Sewage Spills Frustrate City : Surf Turns ‘Rude’ Again in Laguna

Share
Times Staff Writer

Ben Robinson, surfboard tucked under his right arm, stood atop the Oak Street observation deck Wednesday morning and stared forlornly at a set of unridden waves that crashed noisily on the Laguna Beach shore.

It was a perfect day to go surfing at his “home beach,” Robinson said, until he noticed the all-too-familiar red and white signs that warned swimmers and surfers that the beach was contaminated.

“I guess the water’s still rude,” Robinson sighed as he listened to a lifeguard explain to a small crowd of disappointed beach-goers that a stretch of beach between Brooks and Thalia streets was closed until the end of the week because of a small sewage spill which had been discovered Tuesday morning.

Advertisement

In fact, the ocean water off Laguna Beach has been “rude” with raw sewage twice as often in the past three years than in the previous six years, city records show.

And that has caused city officials to launch an ambitious study to upgrade the aging sewer system and stop the periodic drainage of raw, smelly sewage into the surf.

Sewage spills have closed the beaches seven times since July, 1988, and have made some tourists uneasy about coming to the popular beach resort, city and local merchant association officials said.

“Of course, tourists don’t want to come to Laguna Beach to wallow in sewage,” said Cheryl Ryan, managing director of the Laguna Beach Chamber of Commerce. “(The spills) have caused some concern.”

Because of power outages, pipe ruptures and assorted equipment failures, thousands of gallons of raw sewage have inadvertently drained into the ocean this year alone, city officials said.

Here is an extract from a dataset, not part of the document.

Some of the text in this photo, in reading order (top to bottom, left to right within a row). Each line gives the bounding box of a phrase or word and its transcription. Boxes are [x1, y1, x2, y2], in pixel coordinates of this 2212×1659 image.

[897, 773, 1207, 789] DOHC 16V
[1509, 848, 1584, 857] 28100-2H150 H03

The latest spill was discovered Tuesday morning when sewage dripped down the cliff near Brooks Street overnight and drained into the ocean.

Advertisement

County health officials estimated that 500 gallons of sewage from eight beachfront homes were released into the surf, city lifeguards said. The beach should reopen by the weekend, they said.

The City Council last month ordered city staff to study ways to prevent the spills. Among the solutions which City Manager Kenneth C. Frank will recommend next month is an early-warning system, which would alert officials to an impending spill from any one of the city’s 23 pump stations.

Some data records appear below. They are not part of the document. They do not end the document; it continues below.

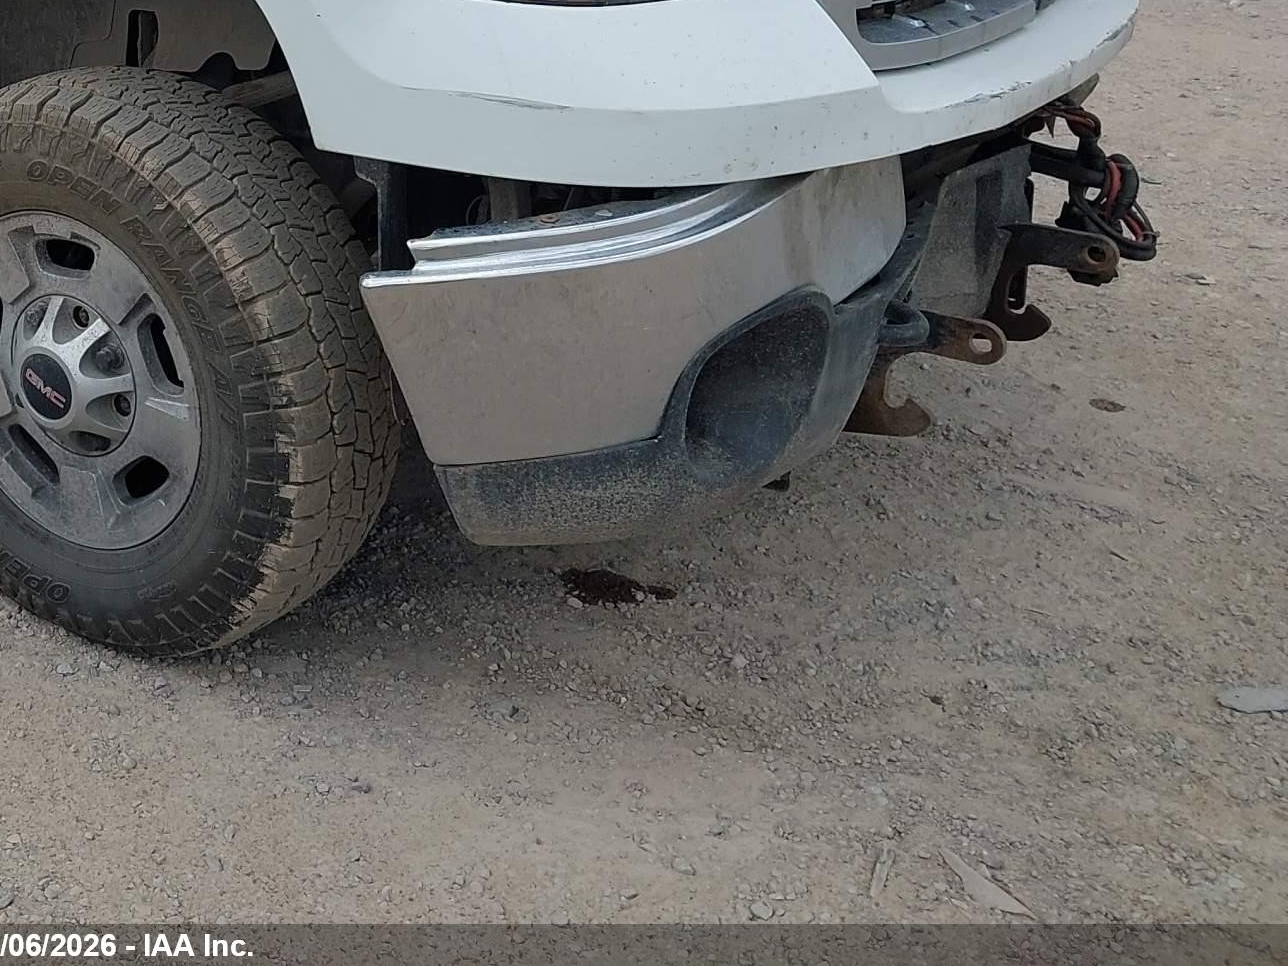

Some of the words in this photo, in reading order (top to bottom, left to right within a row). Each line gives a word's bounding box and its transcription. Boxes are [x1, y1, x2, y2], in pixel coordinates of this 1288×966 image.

[26, 160, 121, 215] OPEN
[119, 214, 224, 354] RANGE
[25, 368, 66, 409] GMC
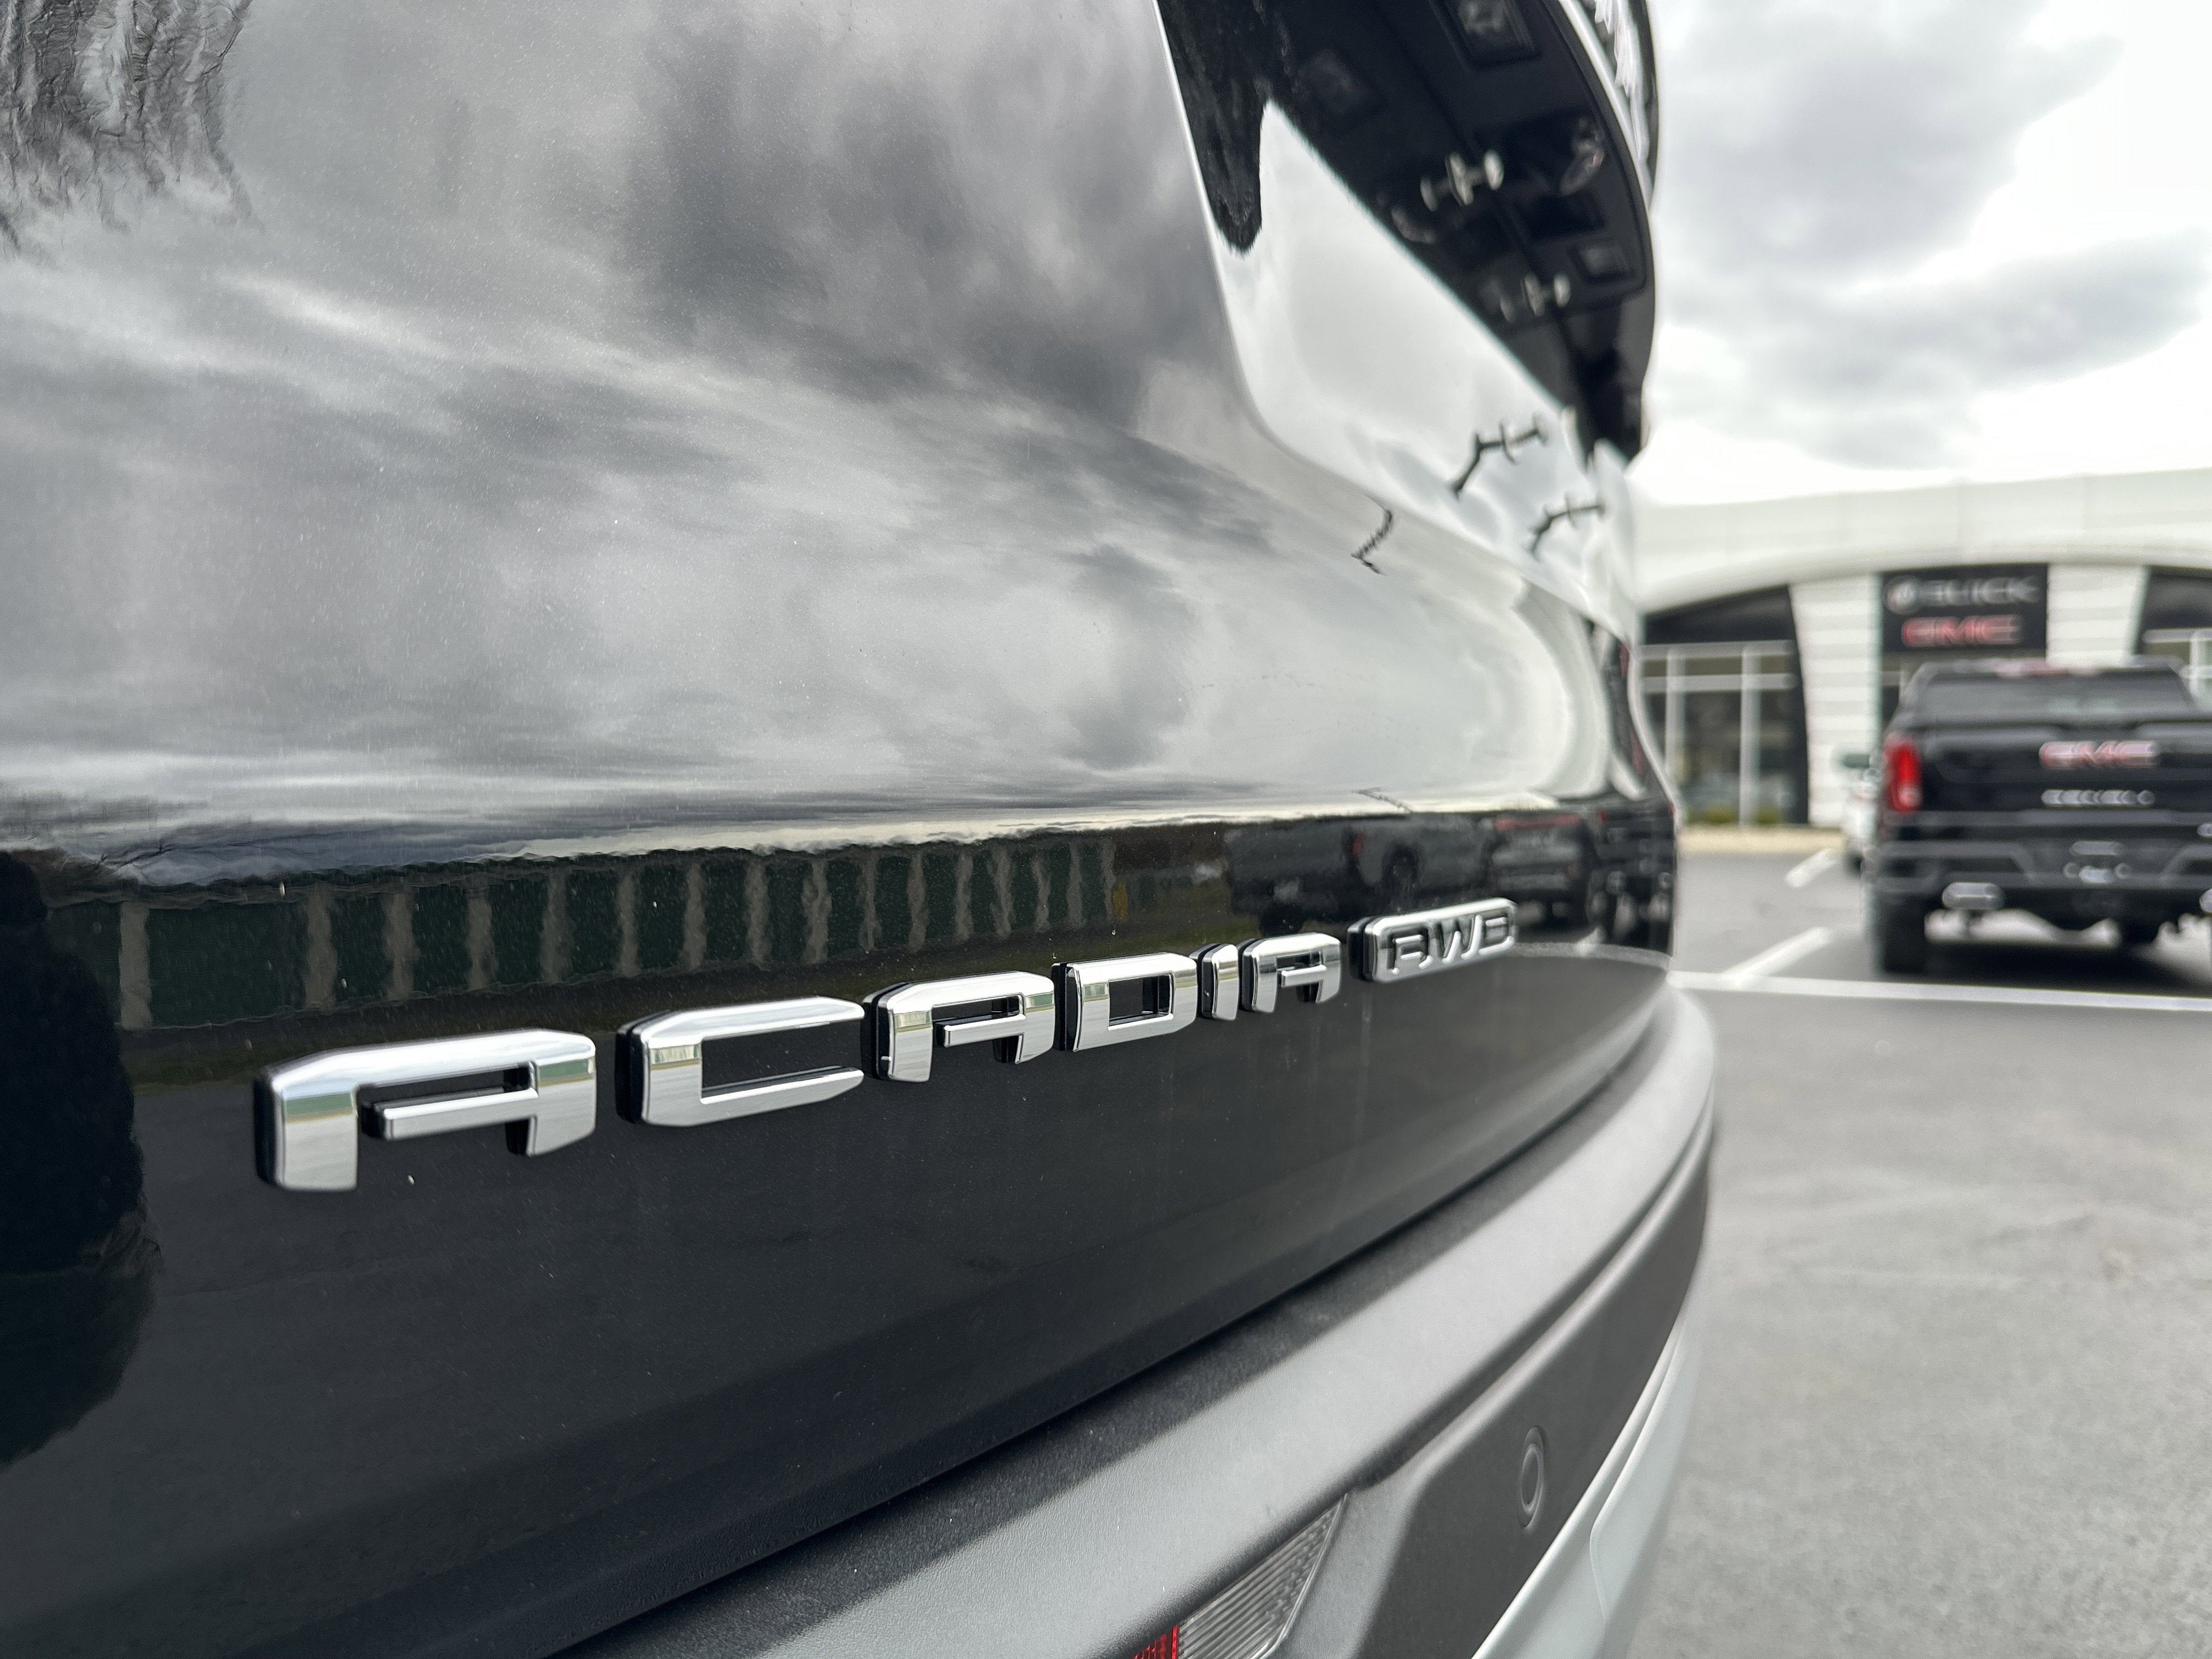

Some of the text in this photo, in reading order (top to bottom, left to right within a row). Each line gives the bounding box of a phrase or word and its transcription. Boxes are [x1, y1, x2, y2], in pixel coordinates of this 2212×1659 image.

[1901, 615, 2022, 647] GMC
[2039, 741, 2157, 768] GMC
[256, 912, 1516, 1192] ACADIA AWD

The concrete-enclosed stations pump raw sewage from the beachfront homes up a steep slope to the main sewer system under Coast Highway, City Engineer Ross Cox said. But the archaic design of the pumps, some of which are 40 years old, makes the stations particularly sensitive to overflow.

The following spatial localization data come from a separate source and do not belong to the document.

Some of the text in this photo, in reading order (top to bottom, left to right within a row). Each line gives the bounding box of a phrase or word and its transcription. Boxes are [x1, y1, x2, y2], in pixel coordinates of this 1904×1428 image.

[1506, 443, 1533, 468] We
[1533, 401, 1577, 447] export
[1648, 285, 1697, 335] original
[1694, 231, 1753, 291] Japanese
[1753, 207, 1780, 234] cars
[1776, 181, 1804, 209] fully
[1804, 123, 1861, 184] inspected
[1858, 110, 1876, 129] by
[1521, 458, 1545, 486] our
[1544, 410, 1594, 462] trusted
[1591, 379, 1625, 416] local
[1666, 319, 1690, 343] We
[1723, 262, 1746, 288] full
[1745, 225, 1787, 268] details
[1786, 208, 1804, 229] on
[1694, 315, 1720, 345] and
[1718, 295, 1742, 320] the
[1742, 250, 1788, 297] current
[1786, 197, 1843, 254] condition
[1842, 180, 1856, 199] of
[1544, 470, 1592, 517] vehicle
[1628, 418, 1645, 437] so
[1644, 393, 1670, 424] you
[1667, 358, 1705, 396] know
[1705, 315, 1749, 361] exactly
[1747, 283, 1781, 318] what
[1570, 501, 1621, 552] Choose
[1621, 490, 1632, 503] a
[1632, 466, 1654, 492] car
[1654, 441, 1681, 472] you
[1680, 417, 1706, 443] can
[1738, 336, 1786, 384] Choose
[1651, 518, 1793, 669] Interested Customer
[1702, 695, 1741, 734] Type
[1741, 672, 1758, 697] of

When a pump freezes or when a power outage occurs, the raw sewage which collects in wells at the stations overflows and makes its way into the surf, Cox said.

Since July, 1987, about 15 spills have occurred in the city, including a 900,000-gallon sewage spill at Aliso Beach in June and a 12,000-gallon spill in July.

The Aliso spill--the fourth in that area in six months--occurred because of a broken sewer pipe, which is under the control of the South Coast Water District. The beach was closed almost a week. None of the Aliso Beach spills, which began in January, were from city-controlled pump stations.

Advertisement

Frank and other city officials are aware of the high costs of renovating the pump stations.

“How much money do you want to spend?” Frank asked rhetorically. He said the most obvious--and most costly--solution to the ongoing problem would be to install permanent back-up generators to each pump station, since most of the spills have occurred after power outages.

But, he said, that would cost more than $1 million and would be “environmentally insensitive to the beach area” because sheds the size of small rooms would have to be built on the hillsides over the new equipment. “That would not be viable,” he said.

Frank said city engineers have settled on installing the early warning system, which would tell police dispatchers when sewage in the wells was reaching dangerously high levels.

One portable generator is on order and should be delivered soon, Frank said.

But, he admitted, “nothing is going to make the system foolproof. We’re never going to have a 100% reliable backup system.”

In the meantime, some frustrated beach-goers said, they will have to hold their breath when spills occur and remain high and dry until the contamination dissipates.

Advertisement

“It gets really rank out there,” Robinson said. “You can smell that stuff when you’re waiting for a wave.”

Lifeguard Danie Miller, who spent Wednesday sticking warning signs into the sand, said that many locals are growing increasingly frustrated over the spills.

She said that when she reported to work, she caught the unmistakable whiff of spilled sewage. City and county health officials were already on the scene taking samples of the water, Miller said.